Her first book, The French Challenge: Adapting to Globalization (Brookings Institution Press, 2001), co-written with Philip H. Gordon, won the 2002 France-Ameriques Book Award. Paul Krugman called it "a terrific book, especially for those of us who were wondering how France manages to thrive in the very global economy it denounces". Her second book, Trading Voices: The European Union in International Commercial Negotiations (Princeton University Press, 2005), has been praised by Pascal Lamy as "the first authoritative study of the trade policy of the European Union".

She has published many articles in academic journals, as well as in magazines and newspapers such as Foreign Affairs, Foreign Policy, Le Monde, Le Figaro, and The Huffington Post.

Meunier has been actively involved in promoting the study of the European Union in the United States. She has been secretary of the European Union Studies Association and vice-chair (2021-2023), before being Chair of EUSA (2023-2024). She is a former elected member of the executive committee of the Council for European Studies, the leading academic organization for the study of Europe, with a membership of more than 100 institutions and 1,000 individuals. Meunier was an elected officer of the American Political Science Association's European Politics and Society section (2010-2013).

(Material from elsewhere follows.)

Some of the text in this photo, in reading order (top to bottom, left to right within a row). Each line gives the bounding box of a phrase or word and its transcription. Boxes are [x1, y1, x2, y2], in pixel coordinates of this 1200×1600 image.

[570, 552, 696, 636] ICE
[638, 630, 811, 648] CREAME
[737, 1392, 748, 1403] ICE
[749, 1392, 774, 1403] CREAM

She was the co-chair of the 2010 Conference Program Committee of the Council for European Studies in Montreal, April 15–17, 2010. She was also elected on the board of the European Union Studies Association (2003–2007) and was secretary of this association (2005–2007).

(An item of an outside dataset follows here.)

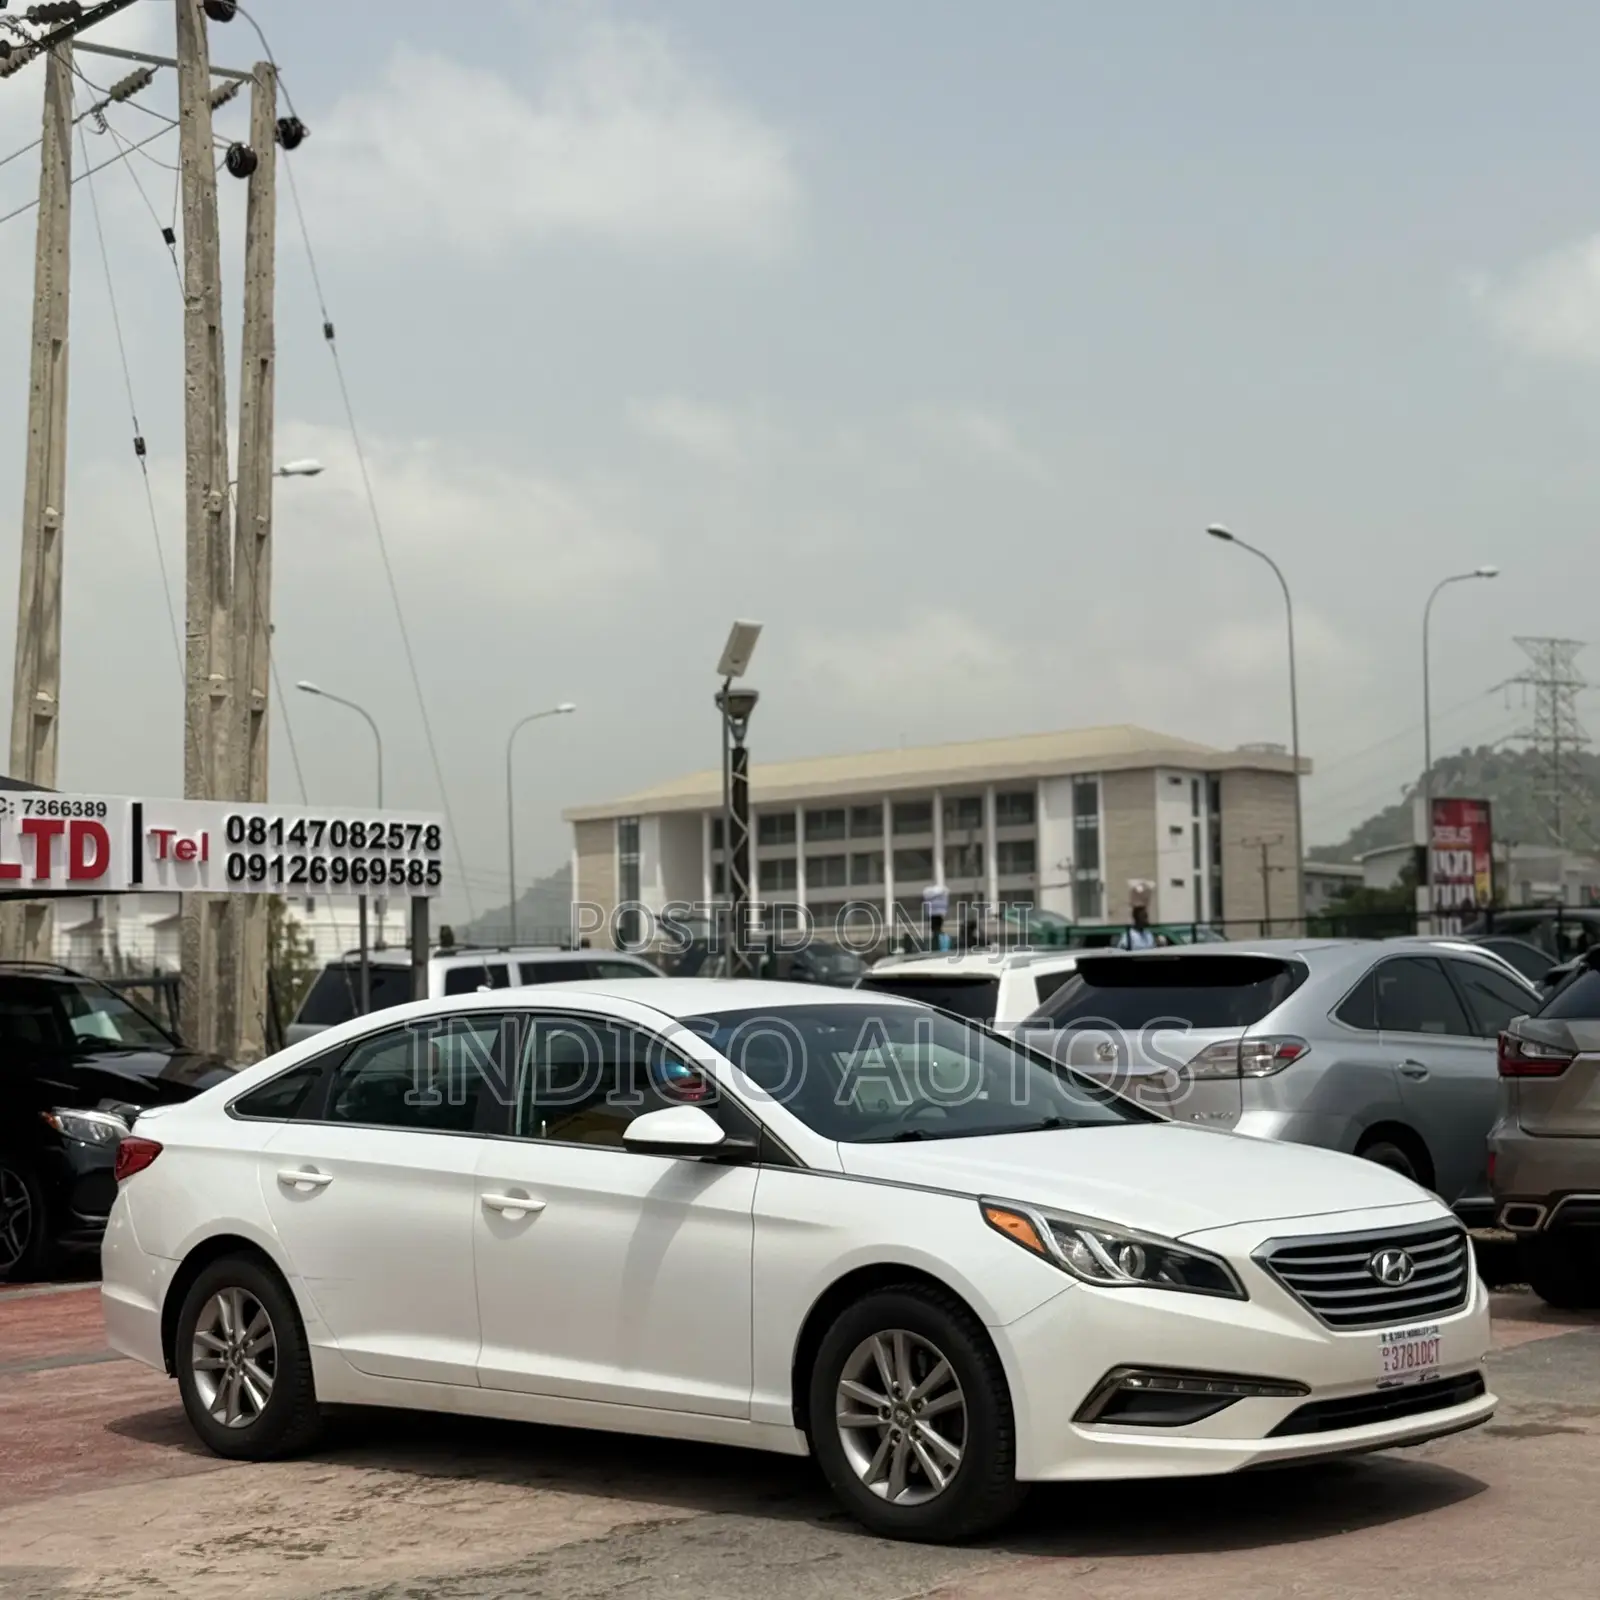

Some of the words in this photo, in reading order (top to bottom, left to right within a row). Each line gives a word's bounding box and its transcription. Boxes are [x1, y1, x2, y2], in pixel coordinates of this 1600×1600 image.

[22, 799, 107, 817] 7366389
[150, 829, 208, 861] Tel
[226, 815, 440, 851] 08147082578
[227, 852, 442, 886] 09126969585

She received her BA in political science from Sciences Po Paris and her Ph.D. in political science from M.I.T. She was named Chevalier de l'Ordre des Palmes Academiques by the French government in 2011 and currently resides in Princeton, New Jersey.

== Research contributions ==
Meunier's theoretical and empirical research studies the politics of globalization, notably the interactions between European integration and globalization and their impact on international institutions and domestic politics. She has analyzed both how economic globalization challenges politics in the European Union and how European countries have reacted to, adapted to, and in turn shaped globalization. Her most well-known contributions are the following:

- The development of trade and investment policy in the European Union
- France and globalization
- The politics of international regime complexity
- Failing Forward as a pattern of European integration
- The politics of hosting Chinese direct investment in Europe
- The politics and regulation of investment screening mechanisms
- Geoeconomics and the European Union

== Books ==
- The French Challenge: Adapting to Globalization (with Philip H. Gordon). Brookings Institution Press, 2001.
- Le Nouveau defi francais: la France face a la mondialisation (avec Philip H. Gordon). Editions Odile Jacob, 2002.
- Trading Voices: The European Union in International Commercial Negotiations. Princeton University Press, 2005.
- L'Union fait la force: l'Europe dans les négociations commerciales internationales. Presses de Sciences Po, 2005.
- Making History: European Integration and Institutional Change at Fifty (edited with Kathleen McNamara). Oxford University Press, 2007.
- Europe and the Management of Globalization (edited with Wade Jacoby). Routledge, 2010.
- Developments in French Politics 5 (edited with Alistair Cole and Vincent Tiberj). Palgrave, 2013.
- The Politics of Representation in the Global Age (edited with Peter Hall, Wade Jacoby and Jonah Levy). Cambridge University Press, 2014.
- Speaking with a Single Voice: The EU as an Effective Actor in Global Governance? (edited with Eugenia da Conceicao-Heldt). Routledge, 2014.
- Developments in French Politics 6 (edited with Helen Drake, Alistair Cole, and Vincent Tiberj). McMillan Red Globe Press, 2021.

== Awards and honors ==

- Named Chevalier de l'Ordre des Palmes Academiques by the French government in 2011
- Book The French Challenge: Adapting to Globalization (Brookings Institution Press, 2001), co-written with Philip H. Gordon, won the 2002 France-Ameriques Book Award.

== Personal life ==
- Meunier is married to Princeton economist Yacine Ait-Sahalia. They have two children.
- Meunier is the pressed flower artist Flore Organic Botanics. She has held several exhibits in Princeton, NJ.